Il team di Rai Fiction e i due registi, Luca Lucini e Ago Panini, hanno presentato Mameli – Il ragazzo che sognò l’Italia come se proponesse nel protagonista “la prima rockstar italiana” capace di “influenzare una generazione”. Di più, Fratelli d’Italia (che in realtà non si intitola così) fu scritta in preda a ideali rivoluzionari e patriottici per “un flash mob”. Si può capire come una storia vada adattata per ingraziarsi il pubblico, vedi la sboccacciata ed erotica Lidia Poet su Netflix, diversissima da quella vera. Però i fatti sono i fatti, e anche le fattezze fisiche: Goffredo Mameli era un bel giovane ma piuttosto diverso da Santorelli, ritratto in fiction come una sorta di Timothée Chalamet misto al Johnny Depp più in forma, quello dei primi Pirati dei Caraibi. Figlio di padre sardo, il cagliaritano Giorgio Mameli, con radici ogliastrine a Tortolì ma nato a Genova, era un giovane di buonissima famiglia, cresciuto all’Università a stretto contatto col docente Giuseppe Canale e con il religioso Agostino Muraglia dopo essere stato istruito da un altro religioso, Atanasio Canata. Teniamo a mente questo ultimo nome e cognome, ci torneremo su.

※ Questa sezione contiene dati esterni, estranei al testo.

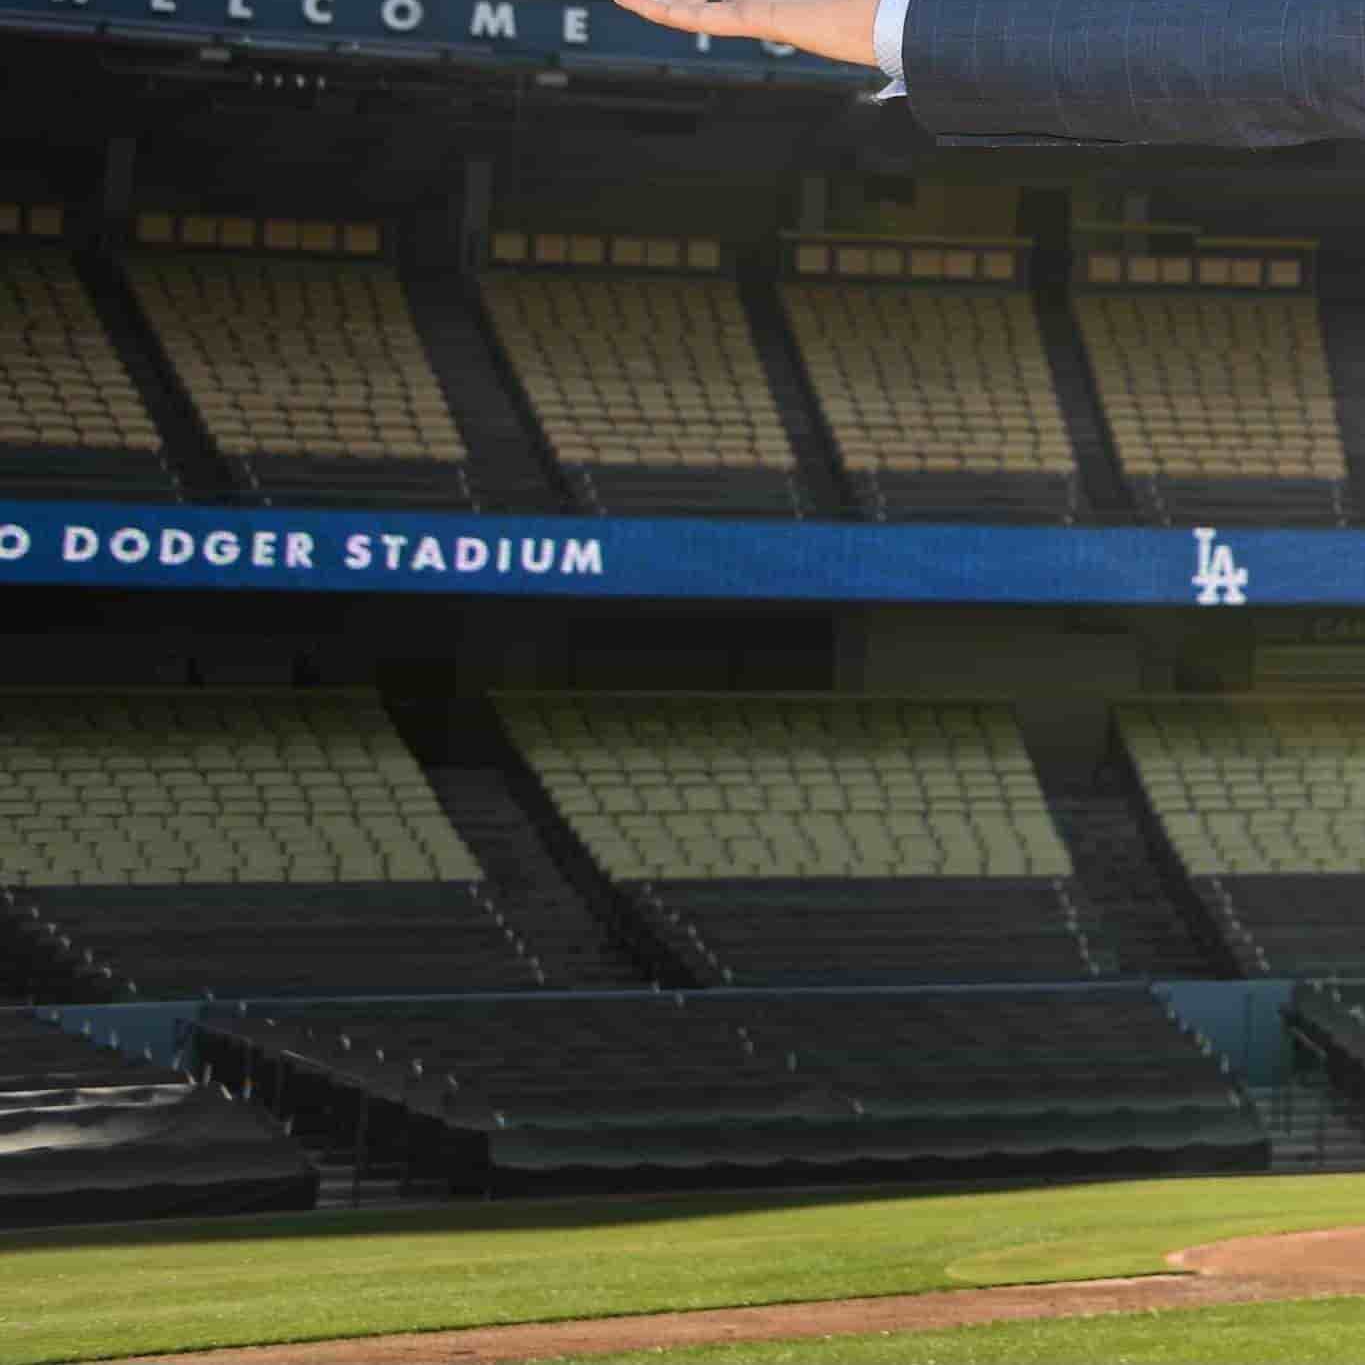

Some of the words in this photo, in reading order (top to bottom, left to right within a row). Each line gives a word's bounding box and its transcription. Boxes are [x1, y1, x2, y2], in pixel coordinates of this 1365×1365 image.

[62, 526, 314, 568] DODGER
[344, 534, 603, 574] STADIUM
[1192, 527, 1248, 605] LA

Un’altra scena della fiction Rai su Goffredo Mameli

L’inno “rubato” e la ferita ad una gamba, mortale

Il vero Goffredo Mameli era certo un giovanissimo impregnato di ideali romantici (non nel senso della soap opera o della cronachetta rosa, ma in quello reattivo e tempestoso del Romanicismo ottocentesco, di Foscolo, Wagner e Beethoven). Vicinissimo a Nino Bixio, a sua volta vicinissimo a Garibaldi, e con entrambi combatté contro i francesi per difendere la Repubblica Romana. Era già corso alle armi per partecipare alle Cinque giornate di Milano. La sua morte fu una beffa: gli sparò per sbaglio un compagno d’armi bersagliere durante uno scontro sul Gianicolo. Perse prima una gamba e poi, per cure sbagliate, la vita. Aveva 22 anni. Nel 1847, un anno prima della storica Primavera dei popoli poi soffocata in gran parte nel sangue, compose i versi del Canto degli italiani (questo il titolo corretto) che fu poi musicato da Michele Novaro e adottato come inno nazionale nel 1946. Anche sull’inno esiste una storia controversa, più volte emersa e ricordata di recente dal giornalista Giorgio Dell’Arti. Il quale ha sottolineato che il giovane Mameli era contro la Chiesa e massone, e che l’inno contiene parole che esaltano il potere ecclesiastico. Come mai?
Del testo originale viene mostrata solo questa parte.